Questo è un argomento fantoccio perché distorce la questione a cui pretende di rispondere. Nessuna teoria o donna femminista dice che tutti gli uomini sono uguali, al massimo si dice che gli uomini che fanno capo alla maschilità tradizionale sono attraversati da un fil rouge. Anzi, le teorie femministe dicono che esistono tanti modi diversi di essere maschi. Una volta ho sentito una frase che mi è rimasta impressa: ‘nessun uomo conosce un uomo che ha compiuto molestie sessuali, ma molte donne conoscono altrettante donne che hanno subito varie forme di molestie sessuali’. Questo è vero e credo che sia esemplificativo del fatto che come uomini dovremmo parlare molto di più tra noi e non semplicemente rigettare ogni accusa. Non siamo tutti uguali ma abbiamo una responsabilità, un dovere. Se, come abbiamo detto prima, tra chi si somiglia è più facile ascoltarsi, abbiamo il dovere di parlare tra di noi dei pericoli e dei rischi che alcuni comportamenti possono avere sulle donne. I sistemi sociali sopravvivono spesso per implicito, per assenso-consenso. Per questo non basta pensare nella propria testa che un comportamento è prevaricatore, è violento o è pericoloso. So che è difficile, ma dobbiamo assolutamente trovare le energie per far notare o denunciare quando qualcosa non funziona, altrimenti sarà molto più difficile cambiare le cose.

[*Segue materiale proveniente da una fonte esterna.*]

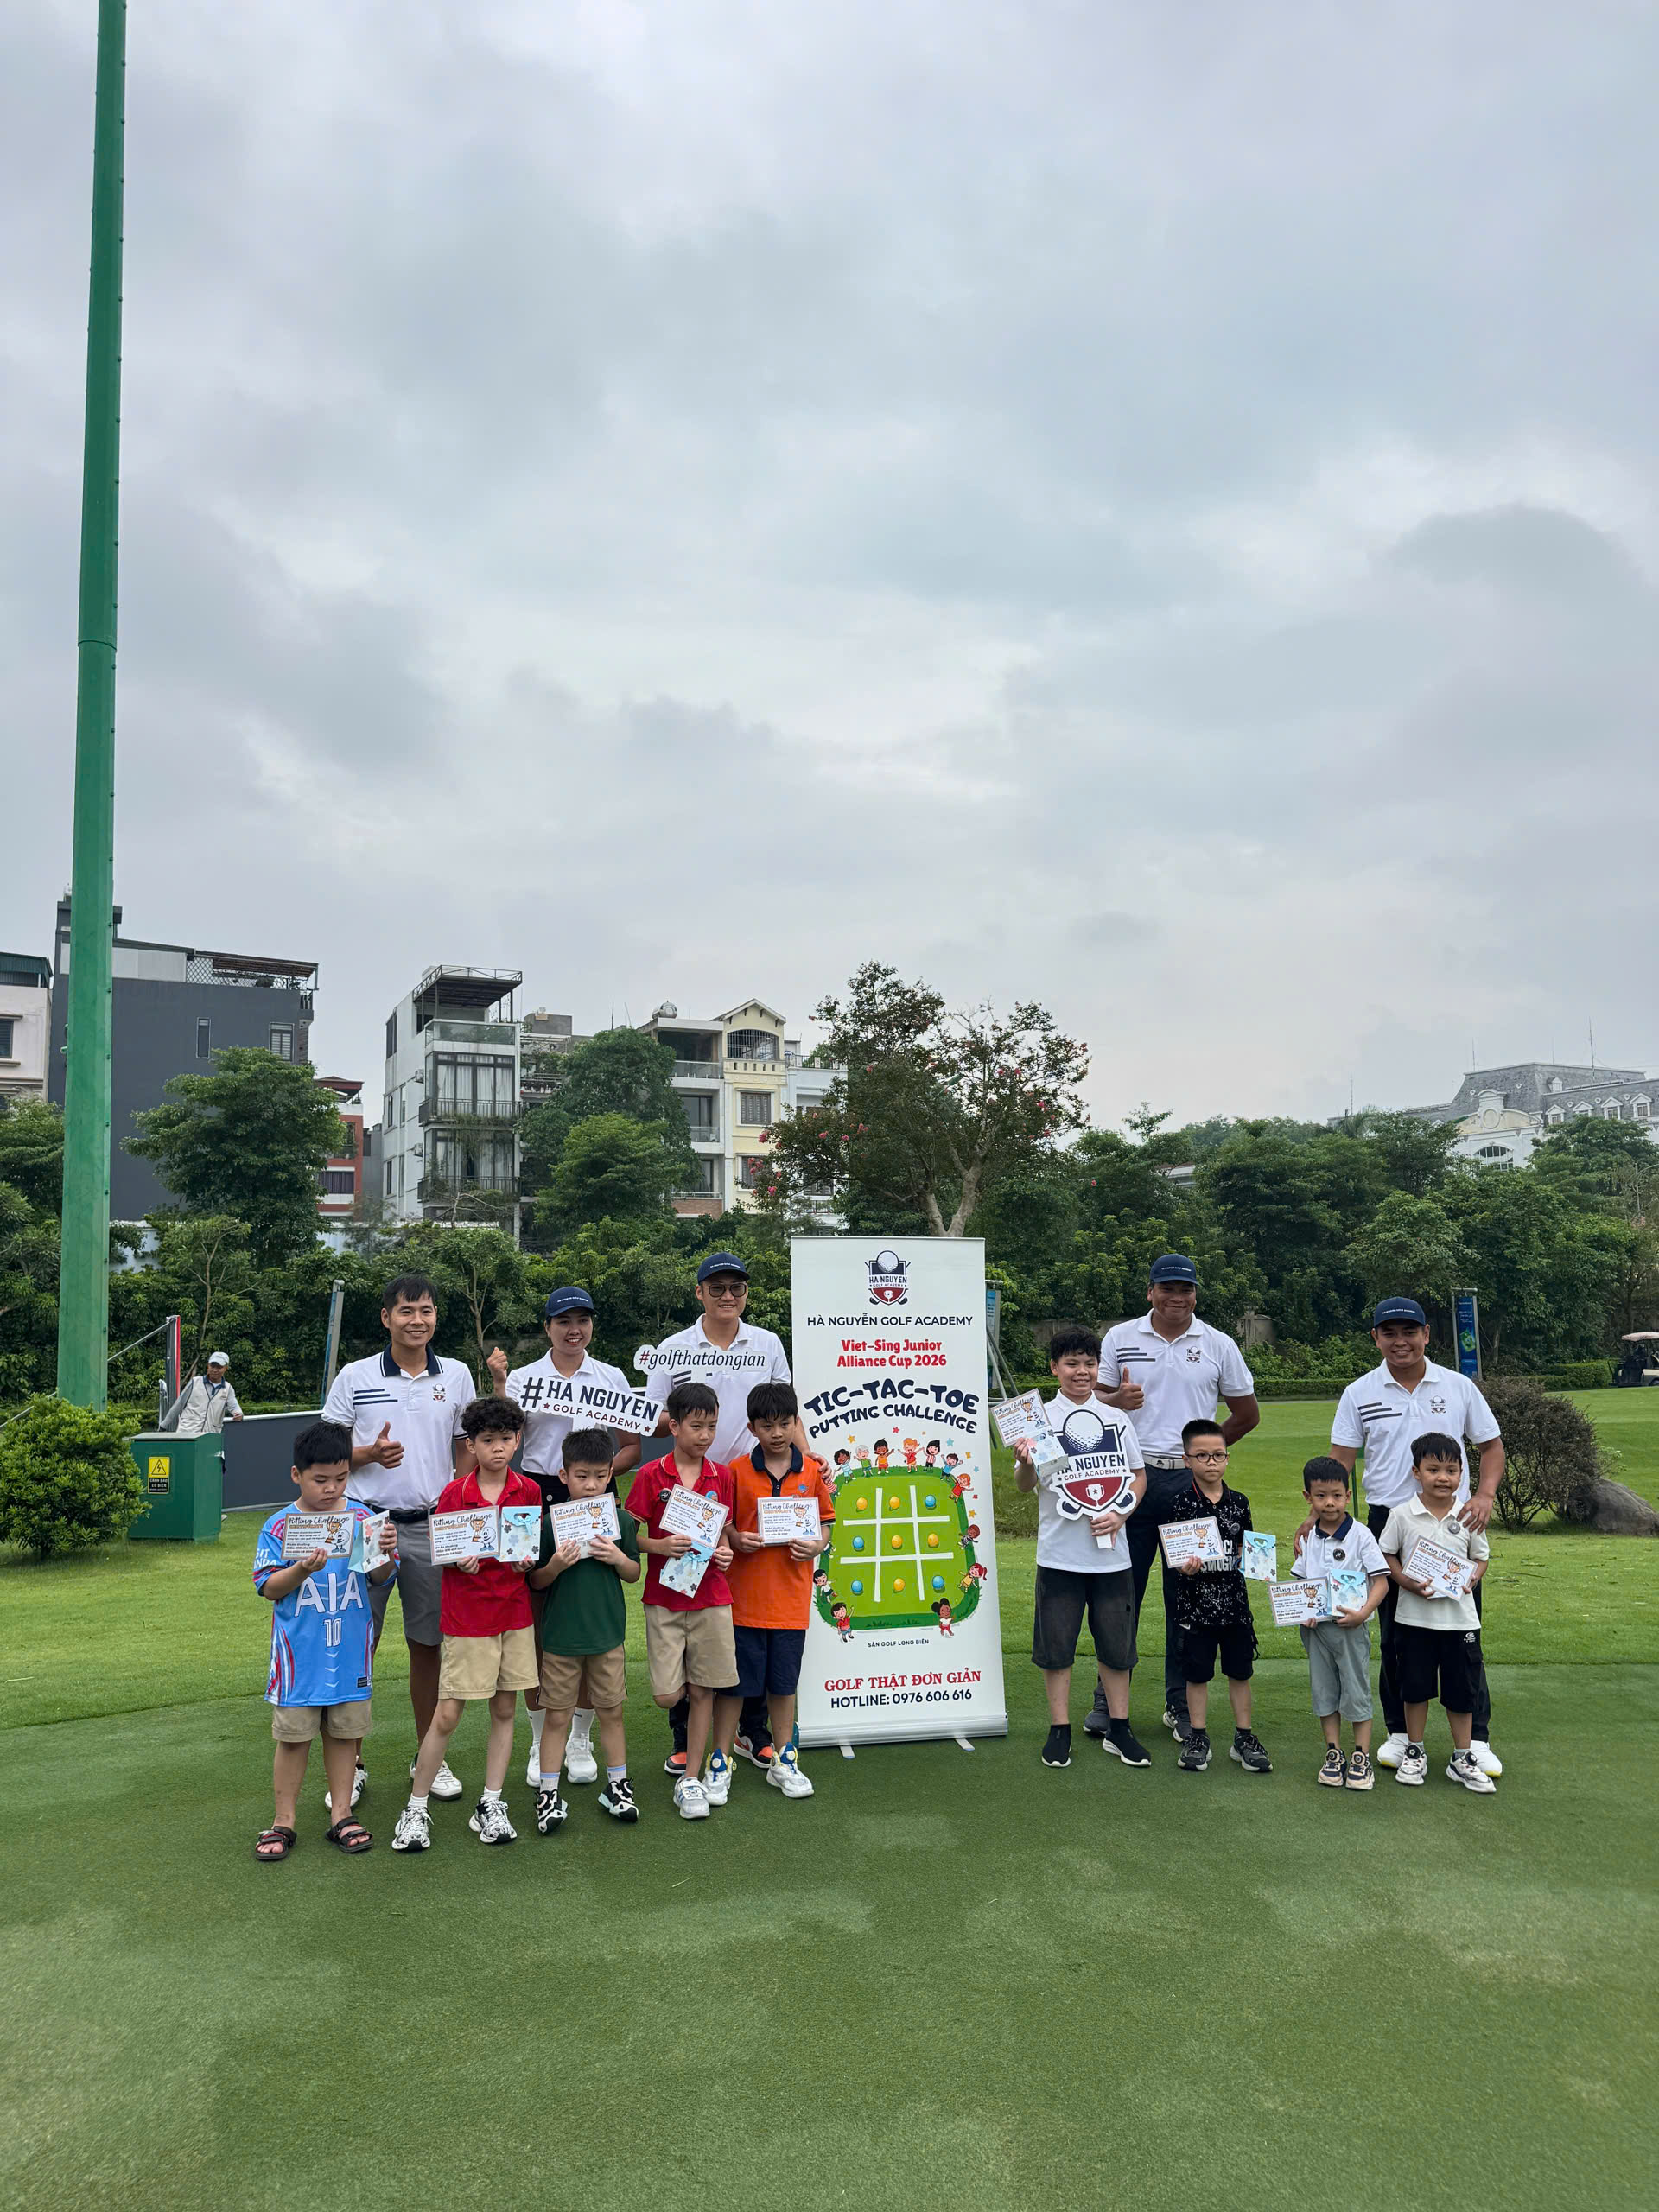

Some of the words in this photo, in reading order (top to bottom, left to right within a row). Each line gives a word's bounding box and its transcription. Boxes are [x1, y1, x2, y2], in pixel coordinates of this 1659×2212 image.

Spesso si sente anche la frase ‘non si può più dire niente’ quando, tra le altre cose, si teme di essere accusati di sessismo. Cosa nasconde questa espressione?

Quando una classe sociale perde un determinato privilegio, gli individui di questa classe sociale la vivono come un’ingiustizia, un torto, un furto. E di conseguenza cercano di difendere il privilegio. Per questo motivo dobbiamo riallacciarci ad altri modelli di mascolinità e di società. Altrimenti rimaniamo in questa situazione piuttosto triste e continuiamo a perdere tutte e tutti.